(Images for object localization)

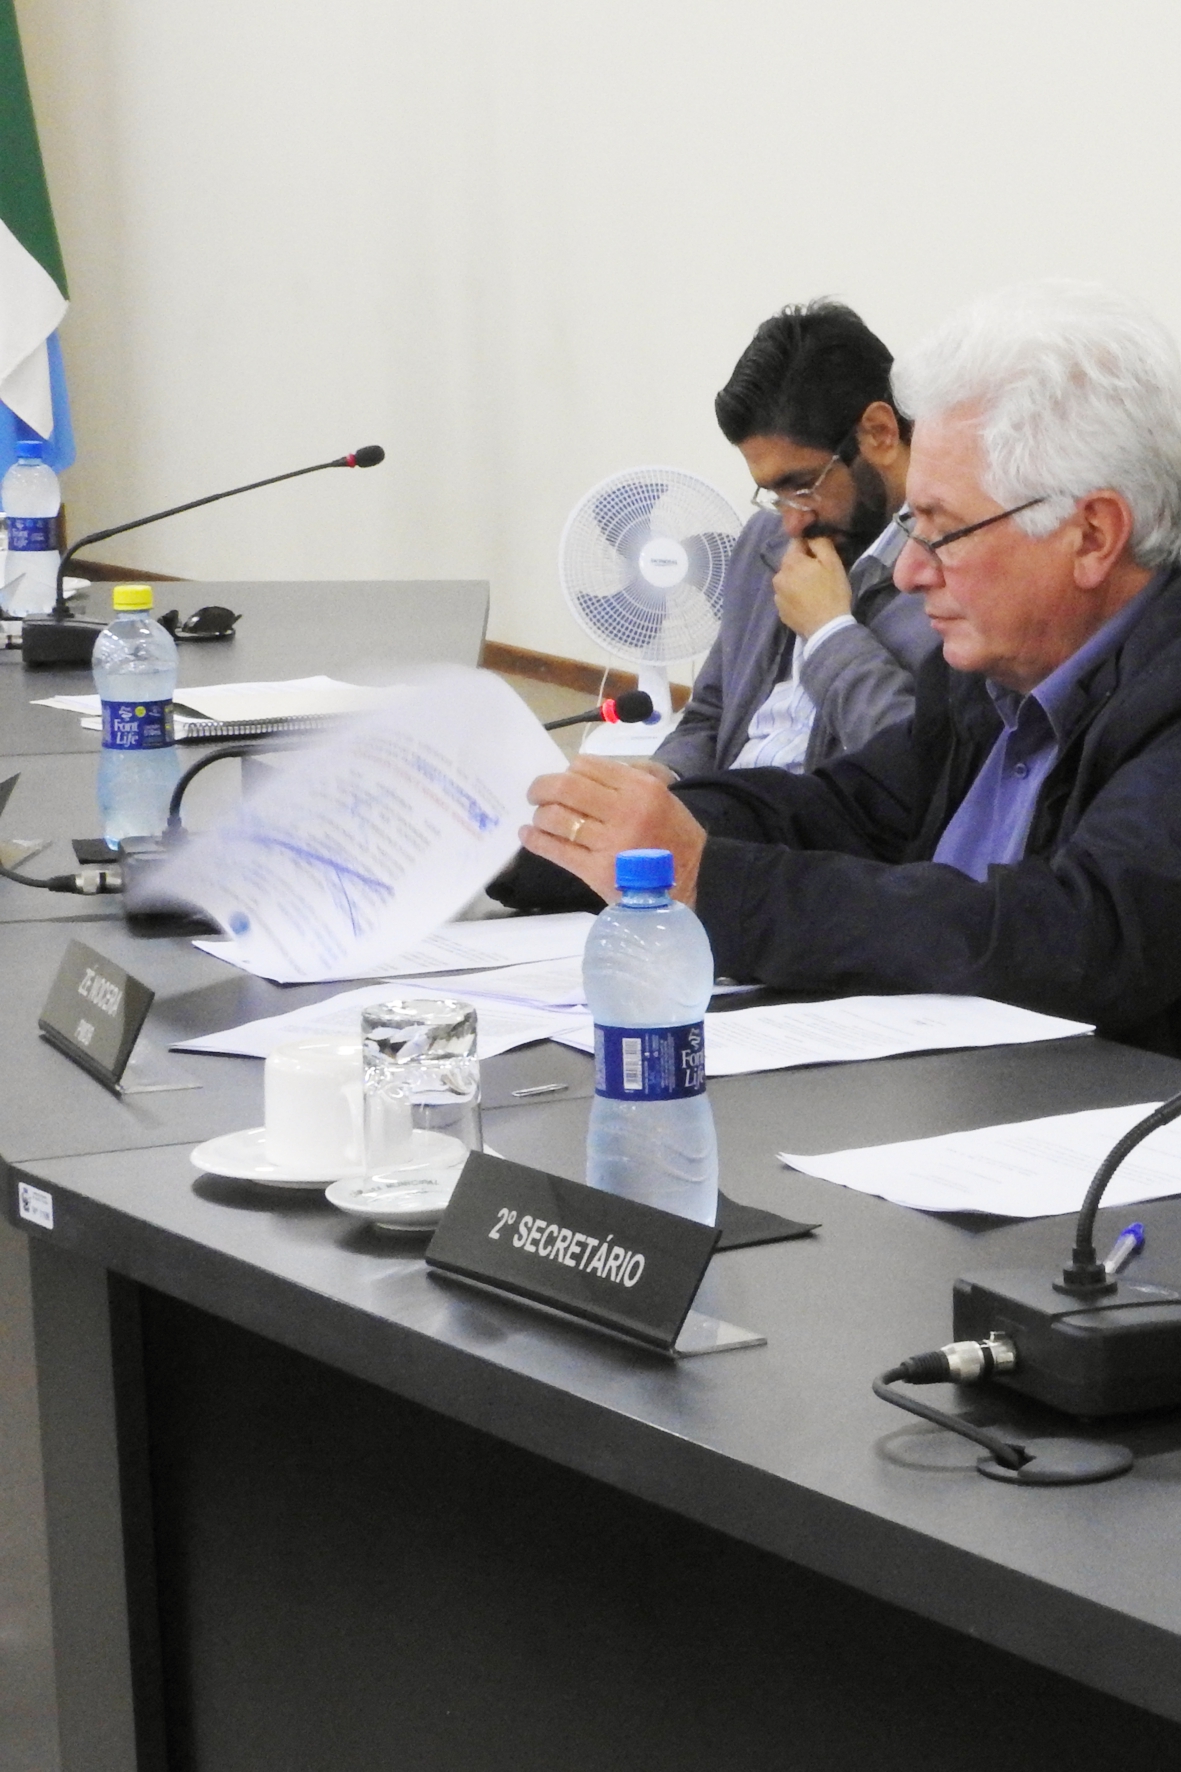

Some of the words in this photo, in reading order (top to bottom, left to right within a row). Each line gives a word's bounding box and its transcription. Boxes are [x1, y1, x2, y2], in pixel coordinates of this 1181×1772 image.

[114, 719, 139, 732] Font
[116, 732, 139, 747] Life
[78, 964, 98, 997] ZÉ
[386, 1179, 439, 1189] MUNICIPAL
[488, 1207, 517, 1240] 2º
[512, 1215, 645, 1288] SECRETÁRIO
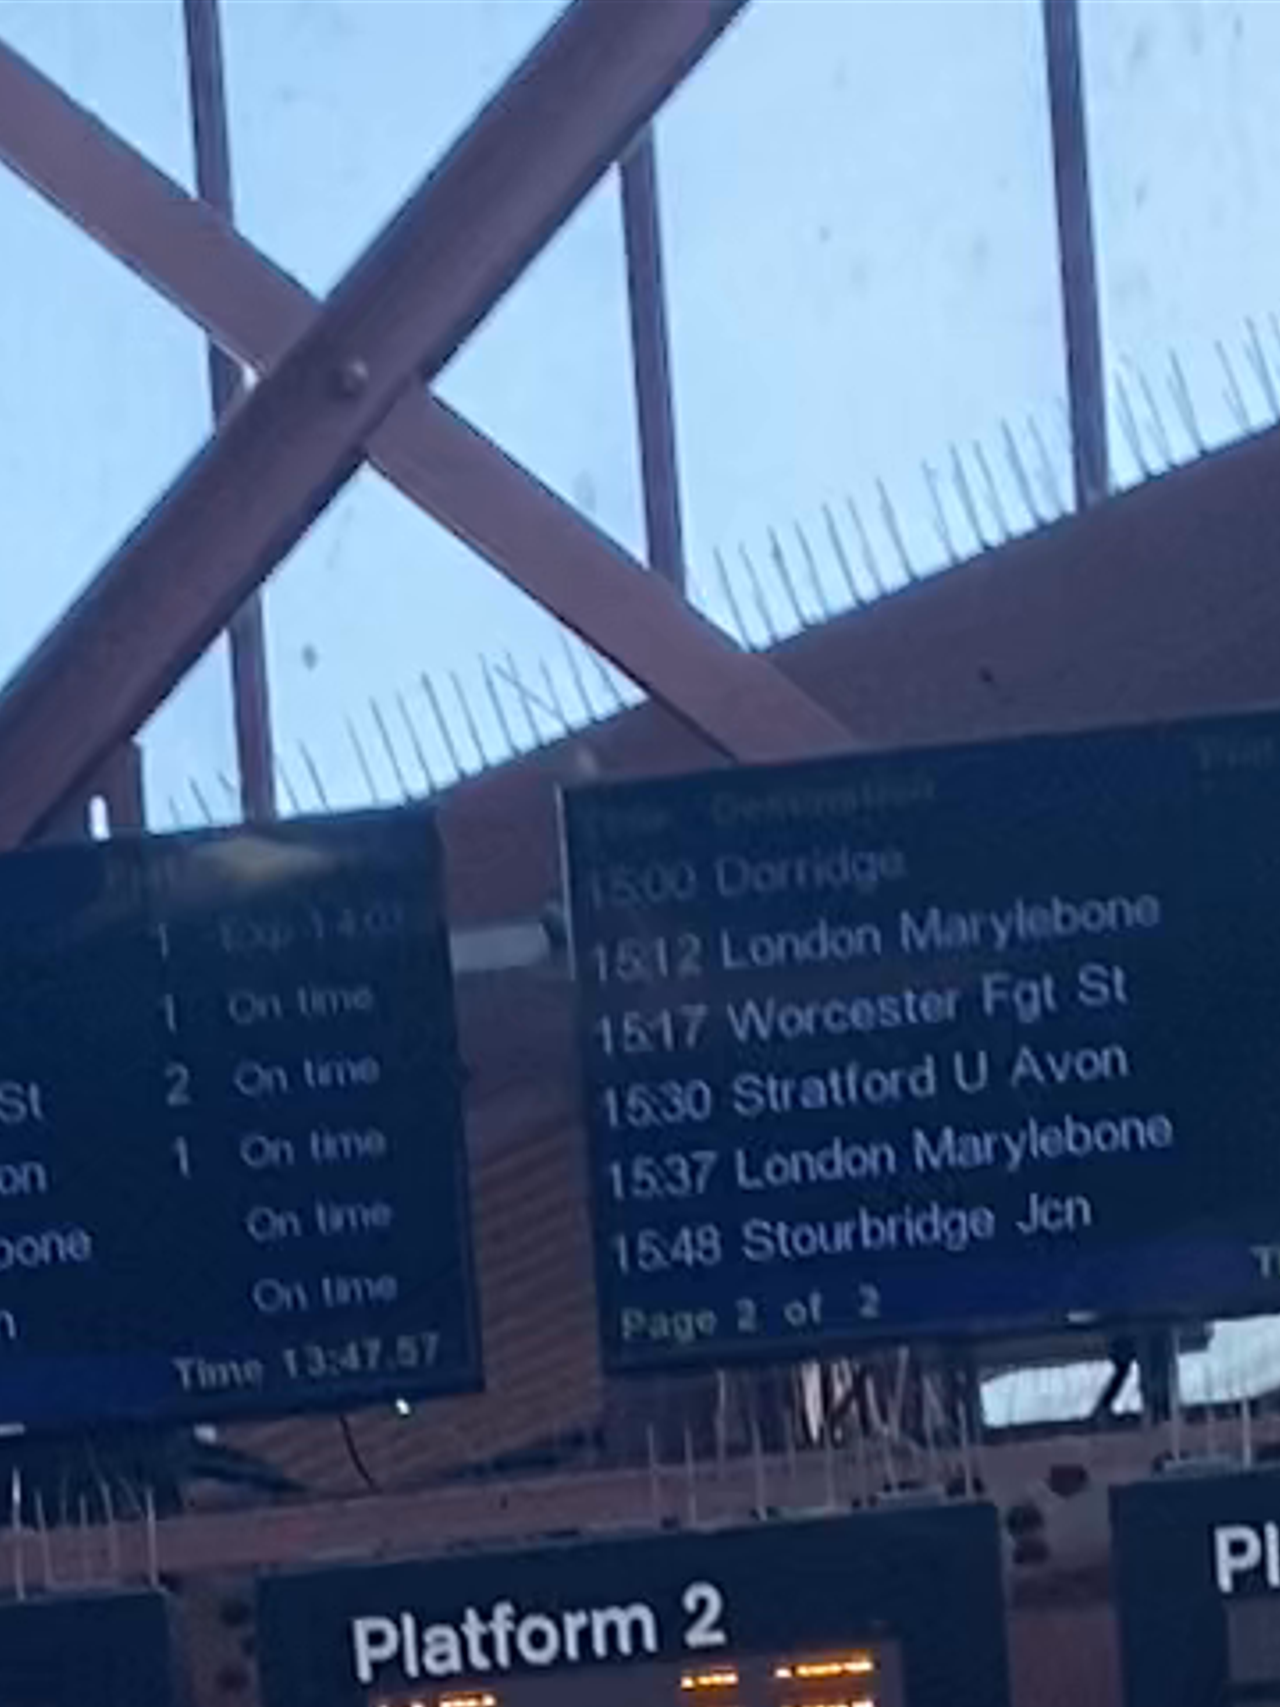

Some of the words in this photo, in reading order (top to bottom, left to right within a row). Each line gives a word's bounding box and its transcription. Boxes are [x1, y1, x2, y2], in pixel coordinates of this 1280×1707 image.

Exercise requirements -
Return the full set of lines above word for word and with no pictures.

Answer for the task -
Some of the words in this photo, in reading order (top to bottom, left to right within a row). Each line gives a word's bounding box and its transcription. Boxes are [x1, y1, x2, y2], in pixel coordinates of this 1181×1772 image.

[114, 719, 139, 732] Font
[116, 732, 139, 747] Life
[78, 964, 98, 997] ZÉ
[386, 1179, 439, 1189] MUNICIPAL
[488, 1207, 517, 1240] 2º
[512, 1215, 645, 1288] SECRETÁRIO

Some of the words in this photo, in reading order (top to bottom, left to right within a row). Each line gives a word's bounding box and its transcription. Boxes are [x1, y1, x2, y2], in pixel coordinates of this 1280×1707 image.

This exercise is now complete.